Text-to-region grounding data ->
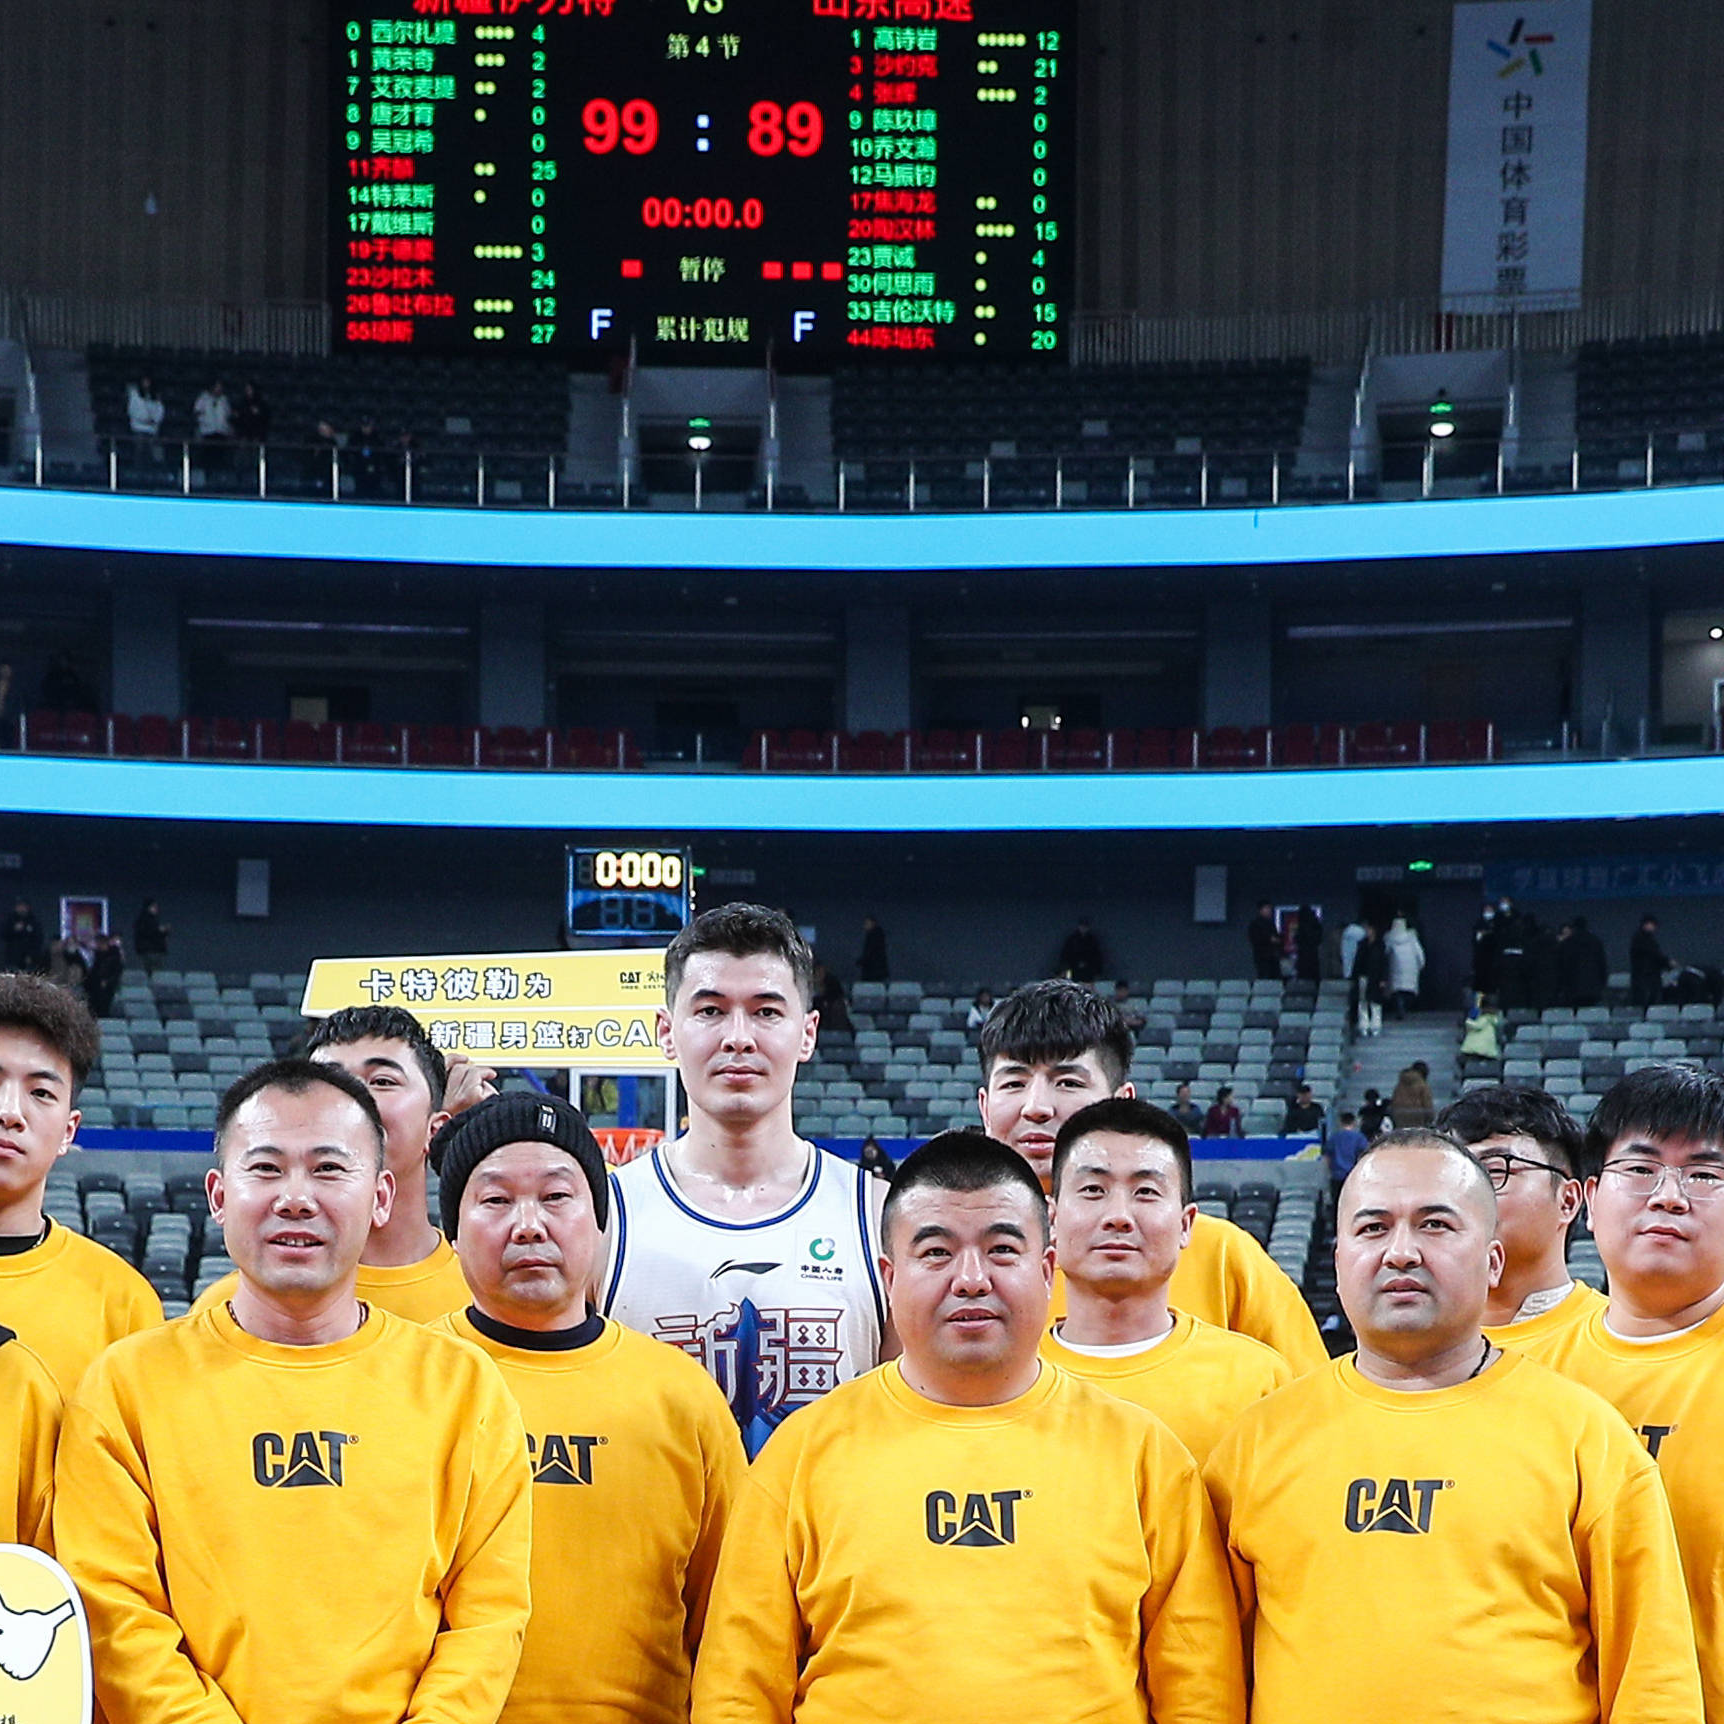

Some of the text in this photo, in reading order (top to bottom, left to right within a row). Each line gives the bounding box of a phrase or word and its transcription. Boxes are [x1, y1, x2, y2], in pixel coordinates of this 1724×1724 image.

[347, 21, 360, 41] 0
[532, 24, 545, 43] 4
[852, 29, 861, 48] 1
[1037, 31, 1059, 50] 12
[349, 50, 358, 68] 1
[532, 51, 545, 71] 2
[1035, 58, 1056, 77] 21
[347, 76, 360, 95] 7
[532, 79, 545, 98] 2
[1034, 86, 1047, 105] 2
[532, 106, 545, 125] 0
[849, 110, 862, 130] 9
[1034, 113, 1047, 132] 0
[581, 98, 659, 154] 99
[747, 100, 824, 157] 89
[346, 131, 360, 150] 9
[532, 133, 545, 152] 0
[851, 138, 873, 157] 10
[1033, 140, 1047, 159] 0
[349, 159, 370, 177] 11
[532, 161, 557, 180] 25
[850, 165, 873, 184] 12
[1033, 168, 1046, 186] 0
[349, 186, 370, 205] 14
[532, 188, 545, 207] 0
[851, 192, 873, 210] 17
[1033, 195, 1046, 214] 0
[1496, 90, 1533, 295] 中国体育彩票
[642, 197, 764, 228] 00:00.0
[349, 213, 370, 232] 17
[532, 215, 545, 234] 0
[849, 219, 873, 238] 20
[1035, 221, 1057, 241] 15
[532, 243, 545, 262] 3
[848, 247, 872, 266] 23
[1032, 250, 1045, 267] 4
[347, 267, 370, 286] 23
[532, 270, 555, 289] 24
[679, 256, 726, 282] 暂停
[848, 274, 872, 293] 30
[1032, 276, 1045, 295] 0
[533, 297, 556, 316] 12
[848, 301, 872, 320] 33
[1034, 303, 1057, 322] 15
[531, 324, 555, 343] 27
[591, 308, 613, 340] F
[656, 315, 750, 342] 累计犯规
[793, 310, 816, 342] F
[847, 329, 872, 346] 44
[1032, 331, 1057, 349] 20
[360, 968, 552, 1002] 卡特彼勒为
[619, 971, 641, 983] CAT
[429, 1019, 662, 1050] 新疆男篮打CA
[253, 1432, 348, 1487] CAT
[1345, 1478, 1446, 1534] CAT
[926, 1490, 1024, 1547] CAT

Your objective ->
Return all of the data exactly as written, and drop the pictures.

Task result ->
Some of the text in this photo, in reading order (top to bottom, left to right within a row). Each line gives the bounding box of a phrase or word and its transcription. Boxes are [x1, y1, x2, y2], in pixel coordinates of this 1724×1724 image.

[347, 21, 360, 41] 0
[532, 24, 545, 43] 4
[852, 29, 861, 48] 1
[1037, 31, 1059, 50] 12
[349, 50, 358, 68] 1
[532, 51, 545, 71] 2
[1035, 58, 1056, 77] 21
[347, 76, 360, 95] 7
[532, 79, 545, 98] 2
[1034, 86, 1047, 105] 2
[532, 106, 545, 125] 0
[849, 110, 862, 130] 9
[1034, 113, 1047, 132] 0
[581, 98, 659, 154] 99
[747, 100, 824, 157] 89
[346, 131, 360, 150] 9
[532, 133, 545, 152] 0
[851, 138, 873, 157] 10
[1033, 140, 1047, 159] 0
[349, 159, 370, 177] 11
[532, 161, 557, 180] 25
[850, 165, 873, 184] 12
[1033, 168, 1046, 186] 0
[349, 186, 370, 205] 14
[532, 188, 545, 207] 0
[851, 192, 873, 210] 17
[1033, 195, 1046, 214] 0
[1496, 90, 1533, 295] 中国体育彩票
[642, 197, 764, 228] 00:00.0
[349, 213, 370, 232] 17
[532, 215, 545, 234] 0
[849, 219, 873, 238] 20
[1035, 221, 1057, 241] 15
[532, 243, 545, 262] 3
[848, 247, 872, 266] 23
[1032, 250, 1045, 267] 4
[347, 267, 370, 286] 23
[532, 270, 555, 289] 24
[679, 256, 726, 282] 暂停
[848, 274, 872, 293] 30
[1032, 276, 1045, 295] 0
[533, 297, 556, 316] 12
[848, 301, 872, 320] 33
[1034, 303, 1057, 322] 15
[531, 324, 555, 343] 27
[591, 308, 613, 340] F
[656, 315, 750, 342] 累计犯规
[793, 310, 816, 342] F
[847, 329, 872, 346] 44
[1032, 331, 1057, 349] 20
[360, 968, 552, 1002] 卡特彼勒为
[619, 971, 641, 983] CAT
[429, 1019, 662, 1050] 新疆男篮打CA
[253, 1432, 348, 1487] CAT
[1345, 1478, 1446, 1534] CAT
[926, 1490, 1024, 1547] CAT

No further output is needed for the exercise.